How will we fit the stags' heads into the Luton?Another send-off...with helpers.
So instead, we had to rely on serendipity. And this is far more fitting for Rum, where my entire life has been made up of last-minute serendipity just when I've been about to give up on it all. This was when it started to sink in that we were really leaving:  the fantastic Elsa Jean McTaggart gig and the ceilidh that followed it with our own Danny and Jed joining in with the music; an "accidental" evening trip out to Kilmory in the sunset watching the terns dive into the turquoise seas; the sudden surprising chance of a trip to Harris on a perfect summer evening when the Landrover became suddenly available, after we've not been able to visit Harris for months; my first and last swim in the sea at Kilmory when we woke up to a sudden, one-off hot Saturday; dinners with friends and a moving party with everyone lining up in a chain to pass boxes along the Great Hall of the castle before drinking champagne and toasting each other in our now echoing and empty castle flat; saying our farewells and our thank-yous to George and Monica in the silent castle at night, when everyone had gone home; and the last day of sunshine and blue skies where Miracle the stallion arrived in our field to get to know the lady ponies of Rum (now that really does sound like a euphemism, but it isn't) and our friends and neighbours gathered on the pier to wave goodbye to us and we cried on the Loch Nevis, knowing it would be our last look at the island perhaps for years (we never have to do that ferry journey again...another strange thought).

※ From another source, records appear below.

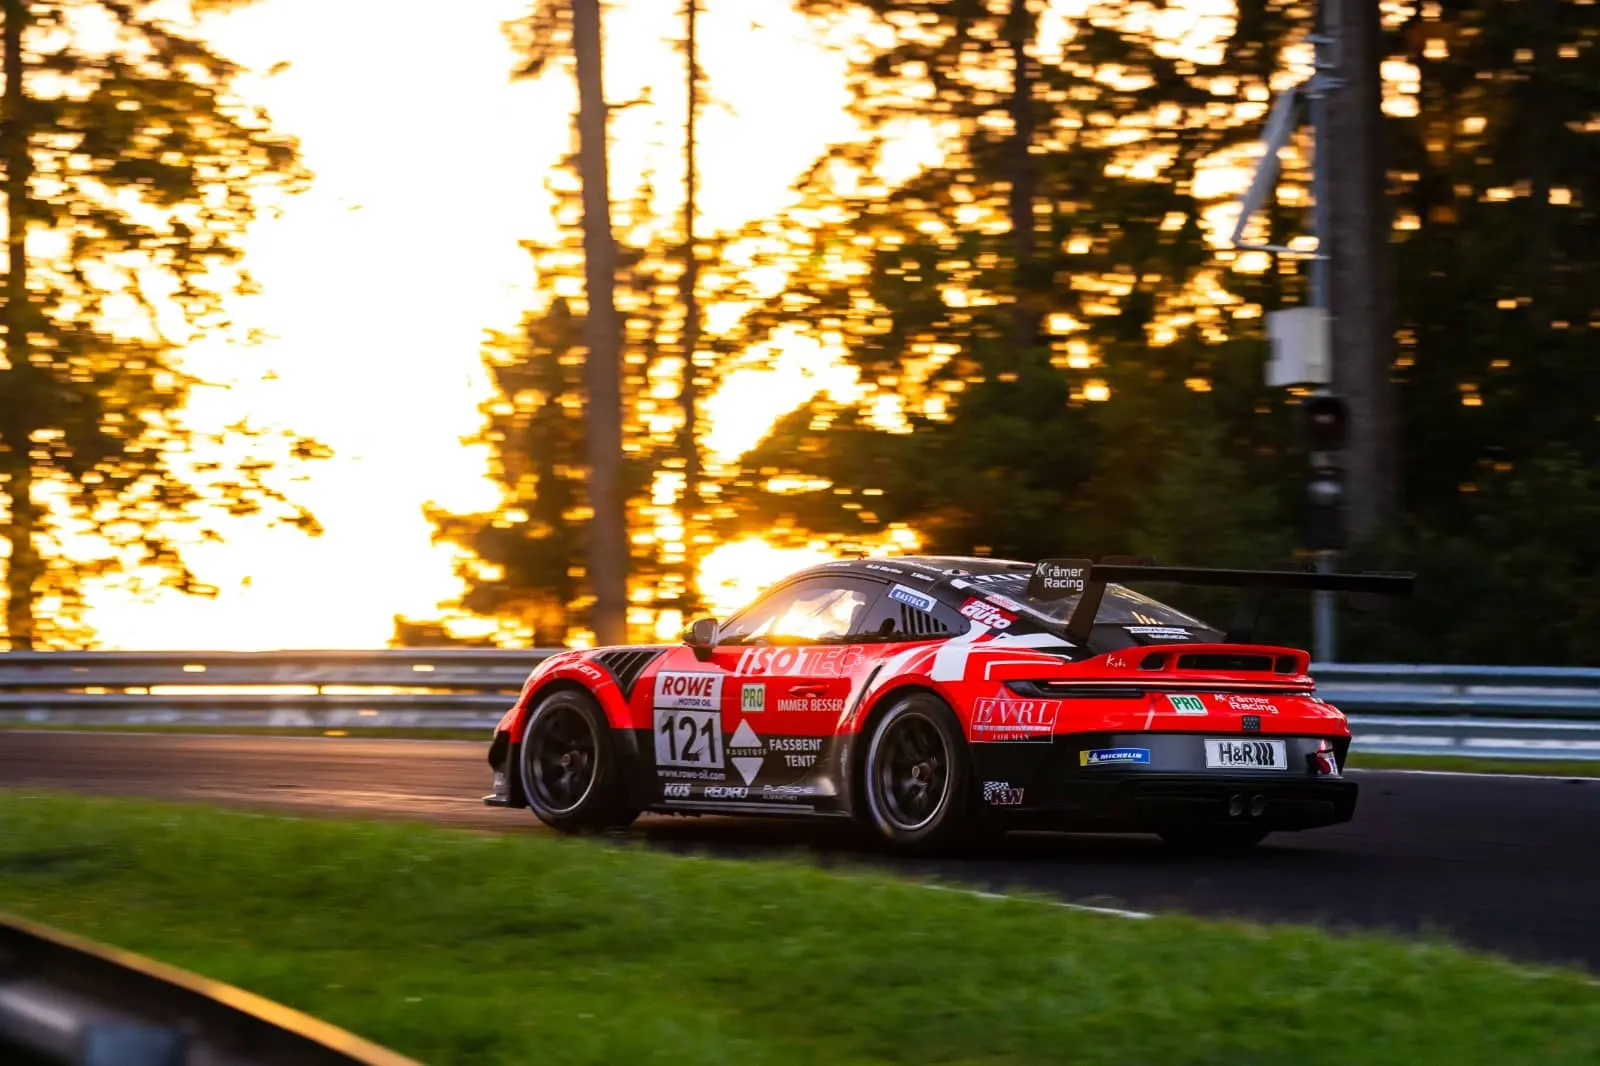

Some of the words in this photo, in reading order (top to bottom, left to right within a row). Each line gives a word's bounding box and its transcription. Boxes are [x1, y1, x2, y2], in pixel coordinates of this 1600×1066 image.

[1036, 562, 1084, 577] Krämer
[1043, 577, 1084, 591] Racing
[661, 676, 716, 697] ROWE
[743, 687, 764, 708] PRO
[1170, 696, 1205, 711] PRO
[777, 699, 808, 712] IMMER
[811, 699, 844, 713] BESSER
[1228, 702, 1280, 715] Racing
[661, 715, 717, 763] 121
[1100, 752, 1143, 760] MICHELIN
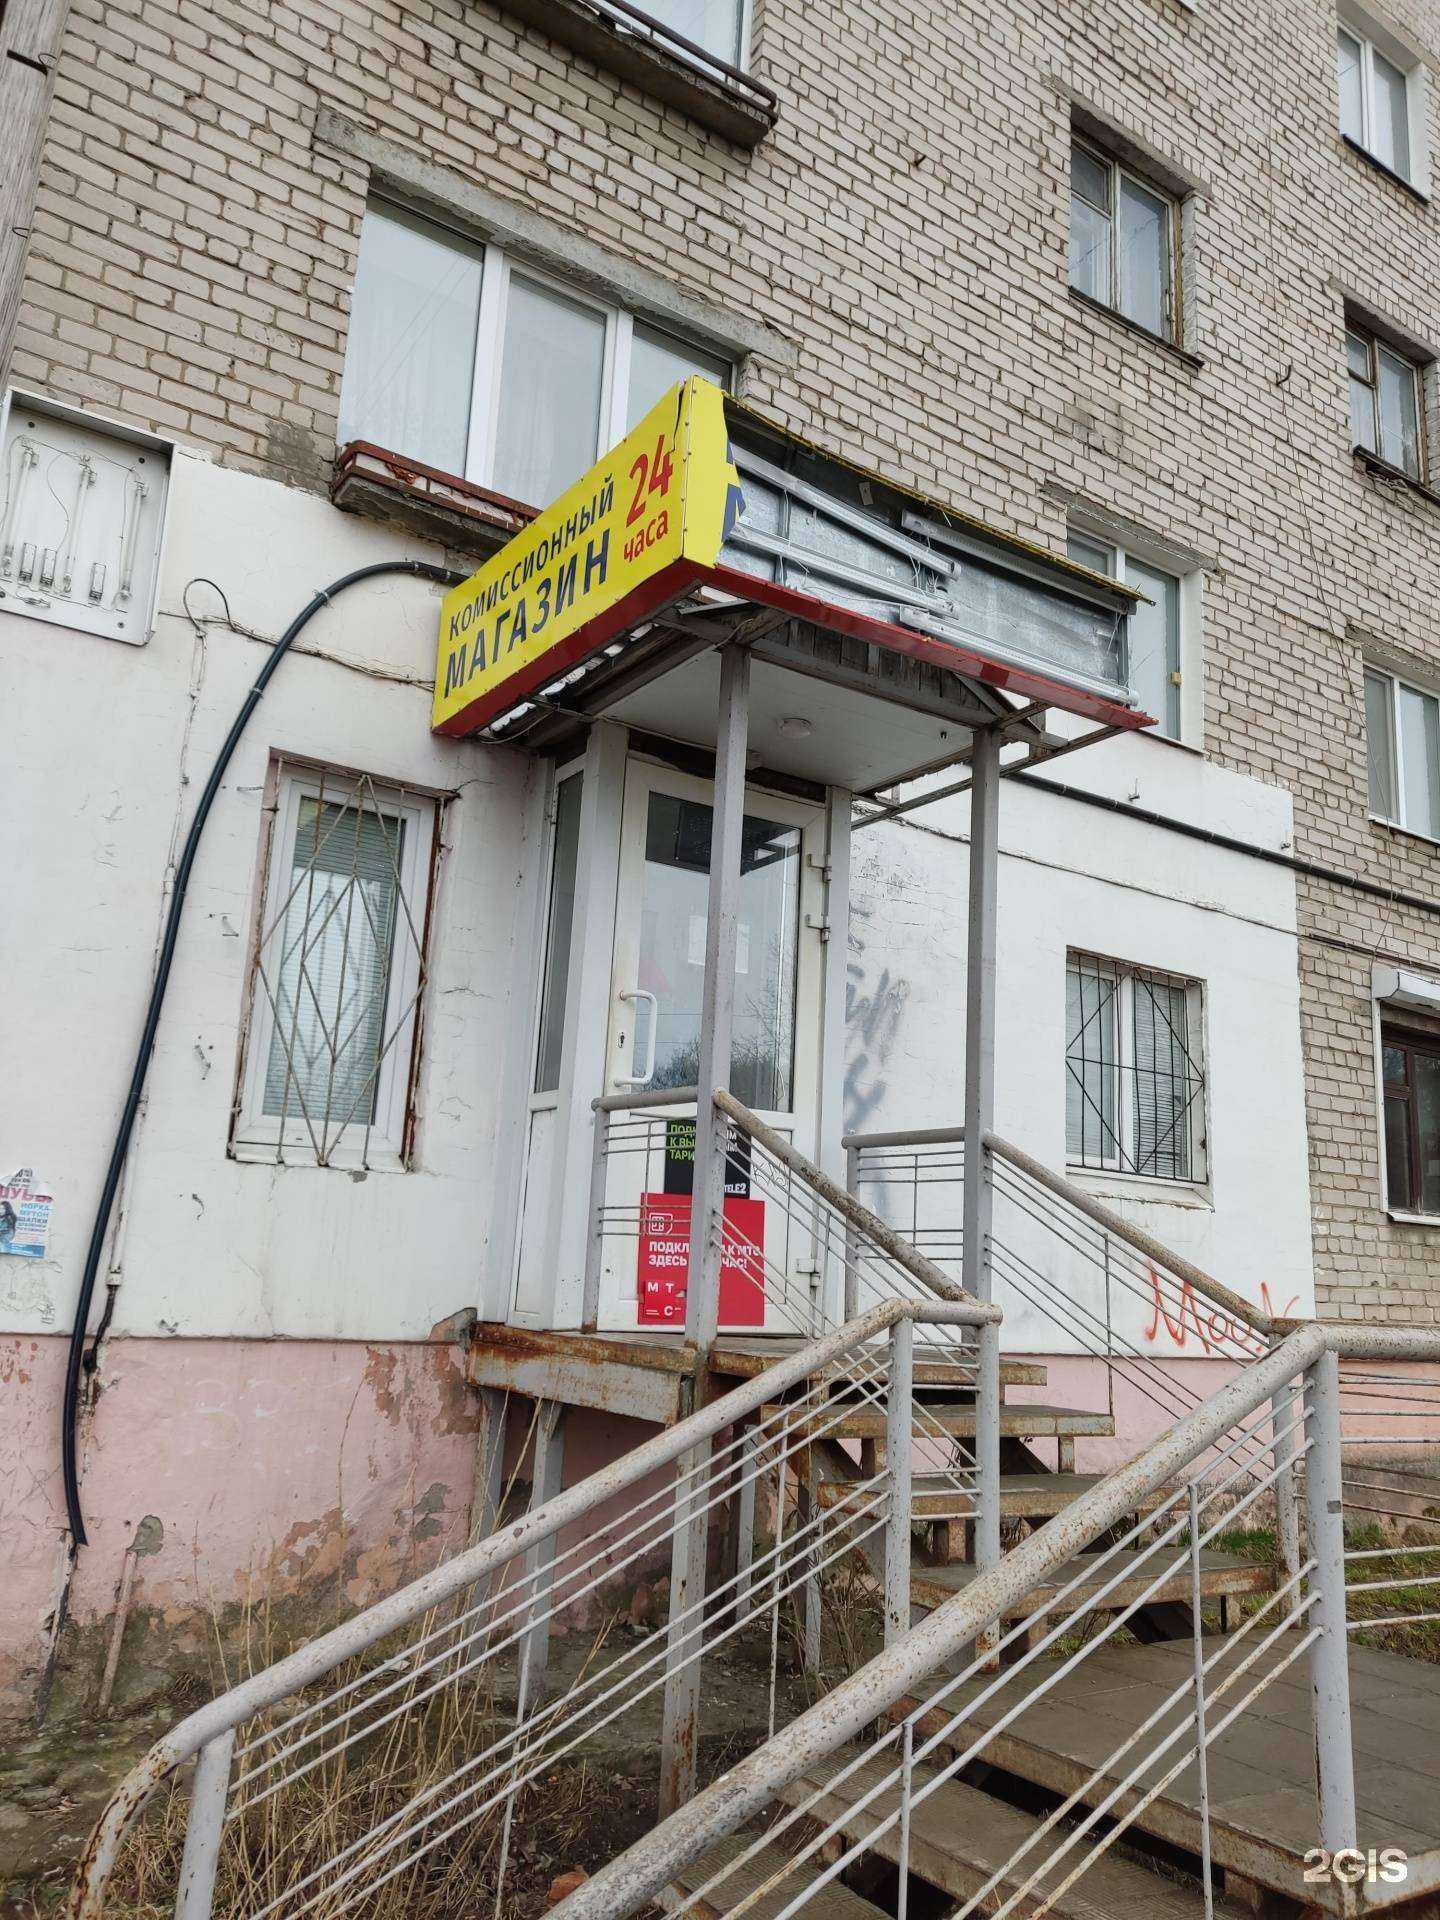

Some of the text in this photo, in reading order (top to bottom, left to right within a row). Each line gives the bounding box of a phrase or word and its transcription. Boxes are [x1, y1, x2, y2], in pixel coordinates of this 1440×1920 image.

[626, 434, 674, 528] 24
[449, 473, 614, 641] КОМИССИОННЫЙ
[623, 509, 669, 563] часа
[444, 528, 610, 698] МАГАЗИН
[670, 1150, 696, 1160] ТАРИ
[649, 1254, 688, 1267] ЗДЕСЬ

As all these happinesses have collected up around us, we've realised how lucky we have been to have made our home on Rum, for just a short time. But we've also realised how lucky we are to be leaving when we still know of our good fortune and haven't grown to be cynical, angry or disappointed with the island.  So many people leave too late, when they've become helplessly frustrated with island politics, disappointed in their own inability to change things or simply fed up with cancelled ferries, empty tins of alcohol littering the hall and the gossip that can so quickly become toxic in a tiny community of thirty. That could have been me. But somehow, serendipity came to my aid; or perhaps it was simply the island itself.  And the fact that despite gossip, the inability to clean up after parties and the sheer pigheadedness of many people on Rum, there is also the freedom, the support, the fun and the love that people share with each other. Which is amazing, given that on Rum we really are like an extended family. I've never known anywhere like it. We will treasure it always. And maybe someday, we'll go back. 

Ready to go

A heartfelt Goodbye...and thank you to everyone who lived through Rum with us.